Today Steve drives a Talus tractor which has been specially built for the job and enables the driver to control the vehicle in both directions. It has a turning circle of 10 metres, is 4.5 metres long and is articulated which most tractors are not. Steve went on a course in Wales to see how they were built with Jeff and Chris Robus and was fascinated by their great handling and power.
When Steve joined the RNLI he gained a second family: everyone looks out for each other and there is a great sense of camaraderie. Steve remarked, ‘When you travel around the coast and visit other stations you always receive a warm welcome. It is good too, to see how other stations operate and pick up different ideas.’
His enthusiastic wife Jean, who has been fundraising for the RNLI for over forty years, supports Steve at home and at the station. She is always willing to lend a helping hand and is a great baker, which is a bonus. They are in their turn supported by their son Joe who is in the Navy and when at home is a helm at the station. He joined eight years ago so has a little catching-up to do to emulate them.
Steve recalls that his proudest moment over the thirty years of service was the day he drove the tractor when Joe, his son, was going out to be assessed as a full helm.
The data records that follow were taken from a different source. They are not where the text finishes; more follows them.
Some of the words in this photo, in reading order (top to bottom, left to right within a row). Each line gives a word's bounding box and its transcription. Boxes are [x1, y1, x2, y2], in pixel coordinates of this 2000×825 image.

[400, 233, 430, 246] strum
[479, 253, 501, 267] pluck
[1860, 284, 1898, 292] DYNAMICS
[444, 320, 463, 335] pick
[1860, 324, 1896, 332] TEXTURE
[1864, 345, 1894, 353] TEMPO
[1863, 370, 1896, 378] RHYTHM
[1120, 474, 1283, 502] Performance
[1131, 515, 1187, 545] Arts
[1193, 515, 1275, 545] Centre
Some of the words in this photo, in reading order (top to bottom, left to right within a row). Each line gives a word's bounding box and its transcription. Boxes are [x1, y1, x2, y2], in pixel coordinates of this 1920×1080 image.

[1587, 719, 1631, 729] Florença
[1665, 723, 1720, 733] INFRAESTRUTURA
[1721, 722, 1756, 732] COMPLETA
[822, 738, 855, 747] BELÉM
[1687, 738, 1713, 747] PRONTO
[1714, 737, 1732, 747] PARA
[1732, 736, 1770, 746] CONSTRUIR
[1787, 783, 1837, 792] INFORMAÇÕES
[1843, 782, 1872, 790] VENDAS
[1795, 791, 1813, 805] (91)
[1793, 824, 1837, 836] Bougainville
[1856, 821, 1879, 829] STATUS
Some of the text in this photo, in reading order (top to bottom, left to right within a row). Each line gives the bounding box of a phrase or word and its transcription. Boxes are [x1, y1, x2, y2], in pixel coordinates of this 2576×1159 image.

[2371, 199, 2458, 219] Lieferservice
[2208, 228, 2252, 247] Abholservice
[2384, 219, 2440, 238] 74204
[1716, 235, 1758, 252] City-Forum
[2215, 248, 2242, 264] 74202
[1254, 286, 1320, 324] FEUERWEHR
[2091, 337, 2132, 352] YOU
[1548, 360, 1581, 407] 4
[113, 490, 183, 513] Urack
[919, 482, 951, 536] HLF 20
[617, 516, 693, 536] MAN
Steve said, ‘ Having passed out successfully I just hope that he does thirty years now.’
There have been some interesting stories to tell about the shouts and training exercises: none more interesting than the day the tractor got stuck in the notorious mud down at the beach and was totally submerged, luckily without a tractor driver inside. They had to wait till next day’s low tide to recover it.
Steve loves to fish and go clay-pigeon shooting in his spare time, not that he gets a great deal of that with the family’s commitments to the station.
Joe sums it up like this: ’The RNLI has always been a big part of my life as both Mum and Dad have been involved with it since before I was born. Dad has always had a pager for as long as I can remember. So for me to follow in his footsteps and join the RNLI was a natural path for me. The only difficulty now is that Mum has to deal with two people running out of the house when the pager goes off, not just one. Many dinners are abandoned and family get togethers postponed but everyone understands.’
Key facts about the RNLI
The RNLI charity saves lives at sea. Its volunteers provide a 24-hour search and rescue service around the United Kingdom and Republic of Ireland coasts. The RNLI operates over 238 lifeboat stations in the UK and Ireland and, in a normal year, more than 240 lifeguard units on beaches around the UK and Channel Islands. The RNLI is independent of Coastguard and government and depends on voluntary donations and legacies to maintain its rescue service. Since the RNLI was founded in 1824, its lifeboat crews and lifeguards have saved over 142,700 lives.